#### YOUR ASSIGNMENT:
The pictures stay out; everything else in the entries below must be returned exactly.

------ STORED DATA ------

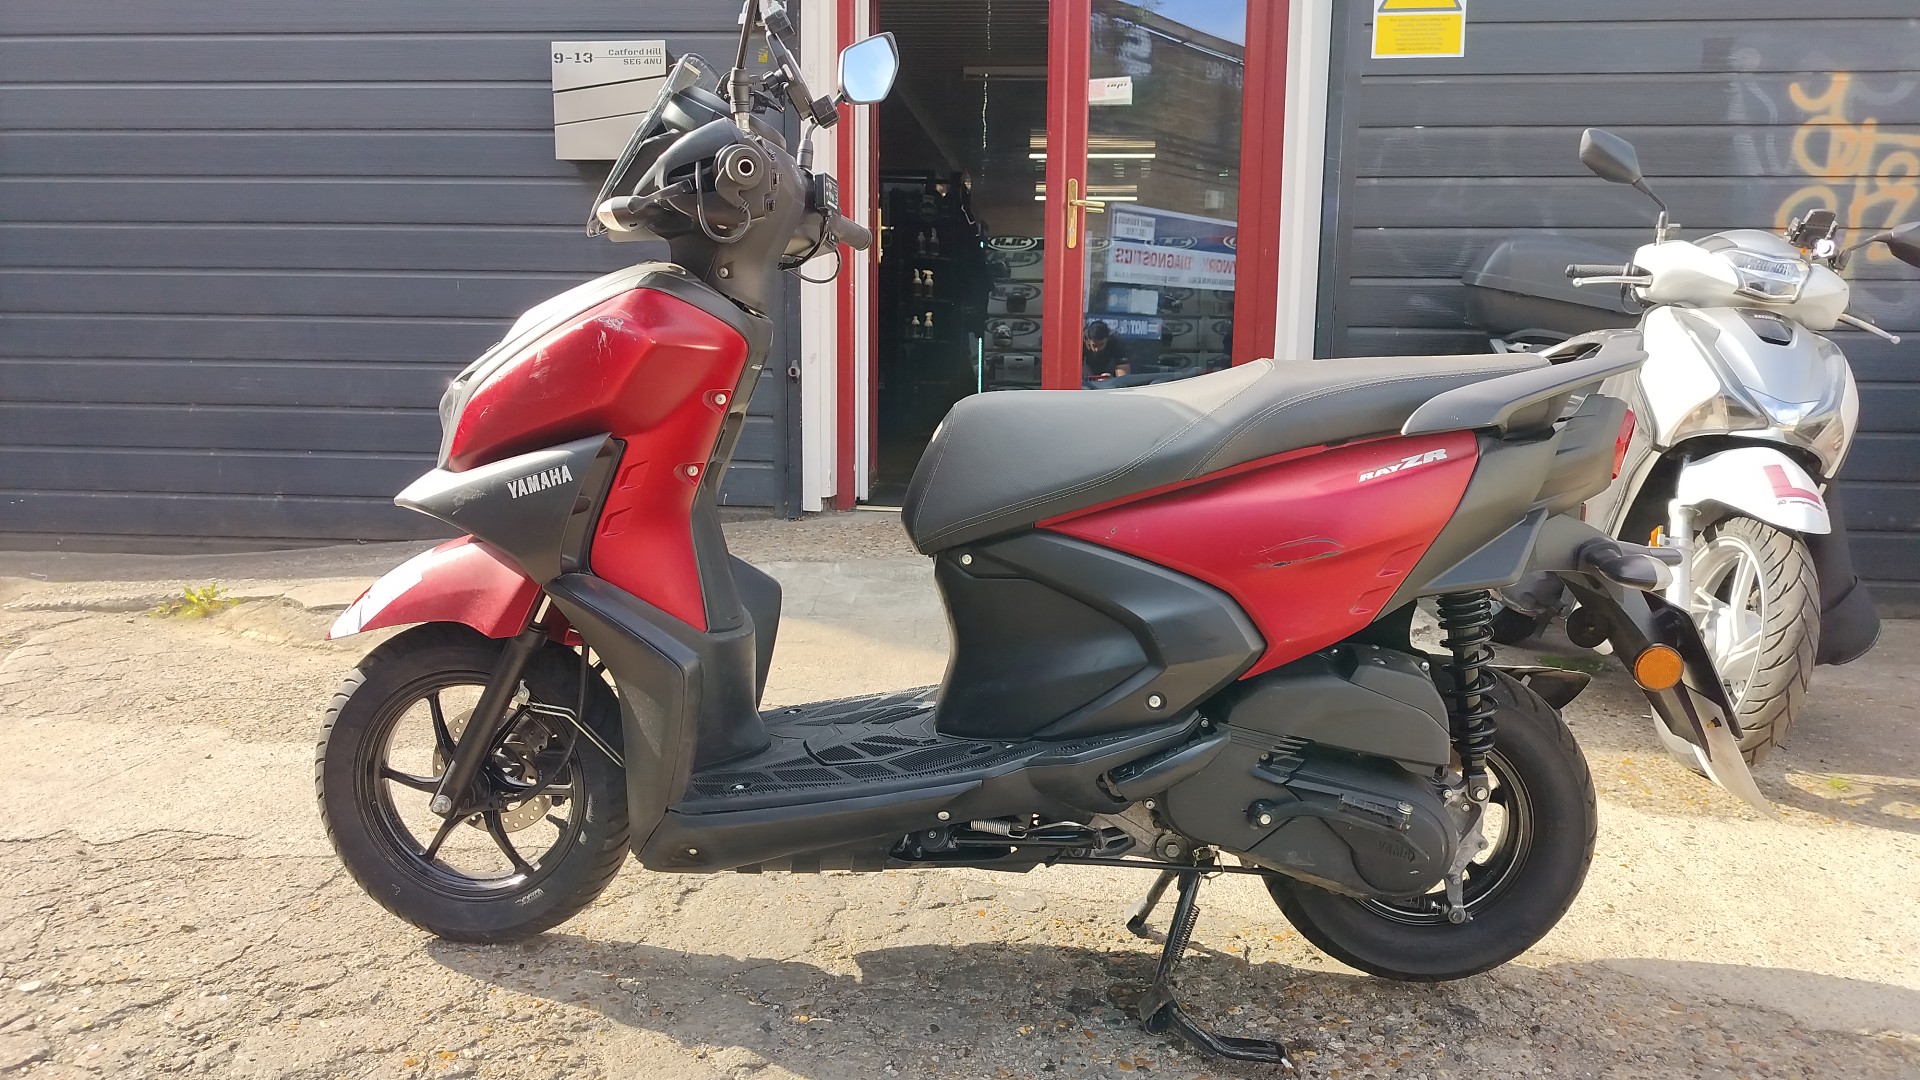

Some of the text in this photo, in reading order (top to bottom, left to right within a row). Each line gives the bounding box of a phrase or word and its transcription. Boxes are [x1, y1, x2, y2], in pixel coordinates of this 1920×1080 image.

[608, 48, 662, 56] Catford Hill
[553, 52, 593, 64] 9-13
[993, 238, 1029, 246] HJC
[506, 465, 573, 499] YAMAHA
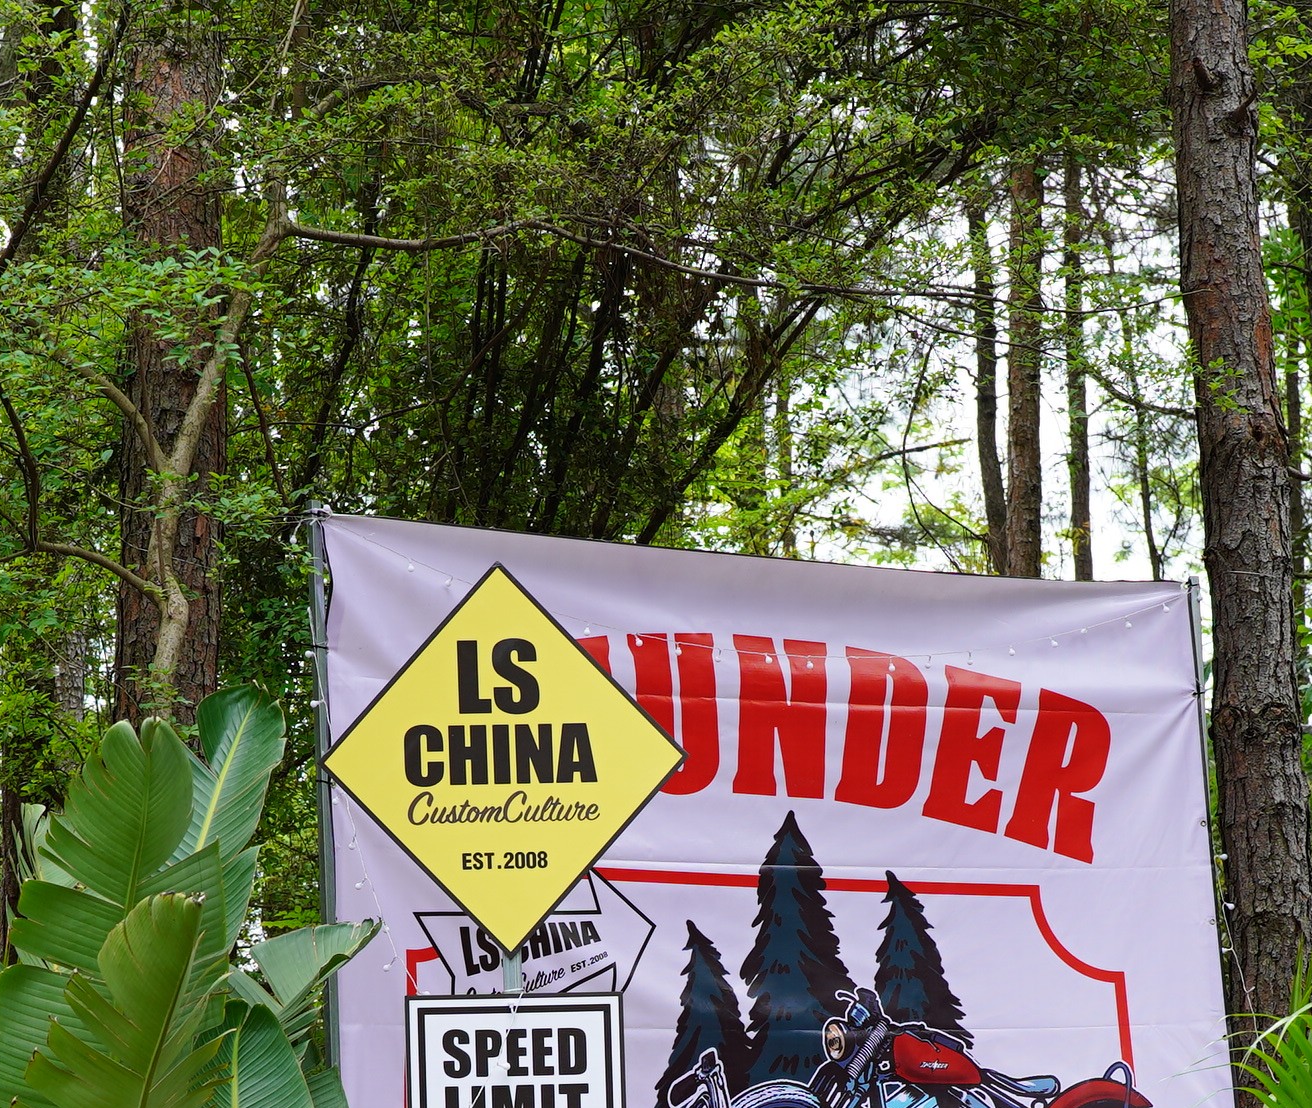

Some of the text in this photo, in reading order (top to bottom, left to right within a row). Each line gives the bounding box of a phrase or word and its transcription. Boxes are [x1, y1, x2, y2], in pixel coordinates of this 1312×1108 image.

[456, 637, 540, 715] LS
[403, 722, 598, 788] CHINA
[573, 632, 1112, 864] UNDER
[407, 790, 601, 826] CustomCulture
[461, 850, 548, 871] EST.2008
[442, 1027, 588, 1079] SPEED

------

#### SOLUTION TO THIS PROBLEM:
Some of the text in this photo, in reading order (top to bottom, left to right within a row). Each line gives the bounding box of a phrase or word and its transcription. Boxes are [x1, y1, x2, y2], in pixel coordinates of this 1920×1080 image.

[608, 48, 662, 56] Catford Hill
[553, 52, 593, 64] 9-13
[993, 238, 1029, 246] HJC
[506, 465, 573, 499] YAMAHA

Some of the text in this photo, in reading order (top to bottom, left to right within a row). Each line gives the bounding box of a phrase or word and its transcription. Boxes are [x1, y1, x2, y2], in pixel coordinates of this 1312×1108 image.

[456, 637, 540, 715] LS
[403, 722, 598, 788] CHINA
[573, 632, 1112, 864] UNDER
[407, 790, 601, 826] CustomCulture
[461, 850, 548, 871] EST.2008
[442, 1027, 588, 1079] SPEED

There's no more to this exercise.